YOUR OBJECTIVE: The entries below are to be copied exactly, with every picture left out.

LISTED ENTRIES:
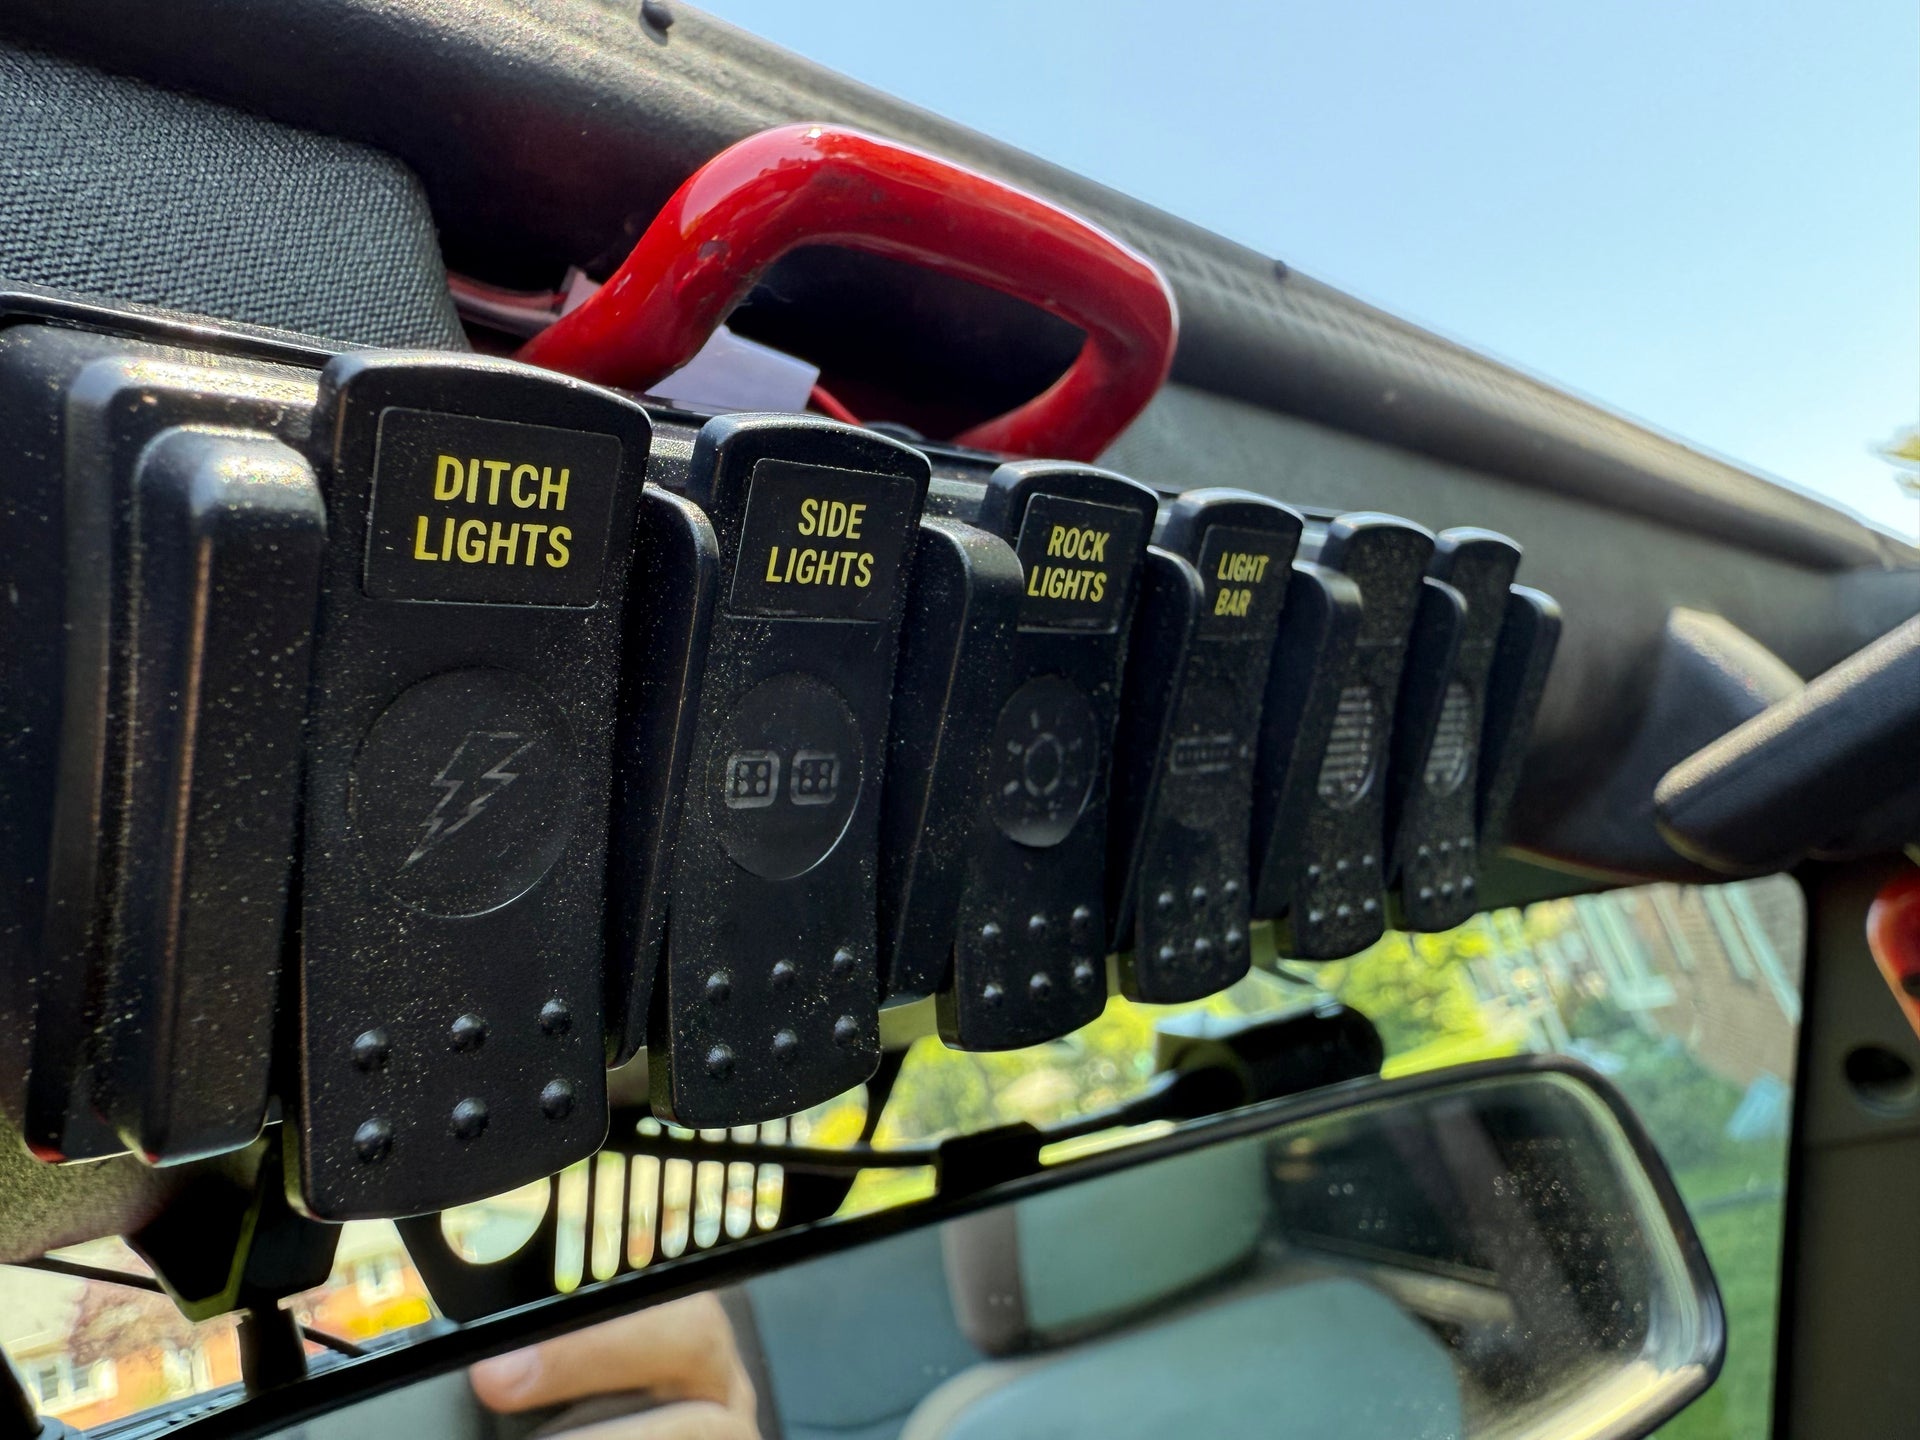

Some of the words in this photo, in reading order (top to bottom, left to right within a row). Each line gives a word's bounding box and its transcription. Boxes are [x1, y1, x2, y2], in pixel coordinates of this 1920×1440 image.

[433, 454, 570, 511] DITCH
[797, 497, 868, 540] SIDE
[414, 515, 573, 569] LIGHTS
[1047, 525, 1110, 562] ROCK
[765, 547, 875, 588] LIGHTS
[1027, 566, 1108, 603] LIGHTS
[1217, 552, 1270, 583] LIGHT
[1214, 588, 1252, 618] BAR

WRITTEN ANSWER:
Some of the words in this photo, in reading order (top to bottom, left to right within a row). Each line gives a word's bounding box and its transcription. Boxes are [x1, y1, x2, y2], in pixel coordinates of this 1920×1440 image.

[433, 454, 570, 511] DITCH
[797, 497, 868, 540] SIDE
[414, 515, 573, 569] LIGHTS
[1047, 525, 1110, 562] ROCK
[765, 547, 875, 588] LIGHTS
[1027, 566, 1108, 603] LIGHTS
[1217, 552, 1270, 583] LIGHT
[1214, 588, 1252, 618] BAR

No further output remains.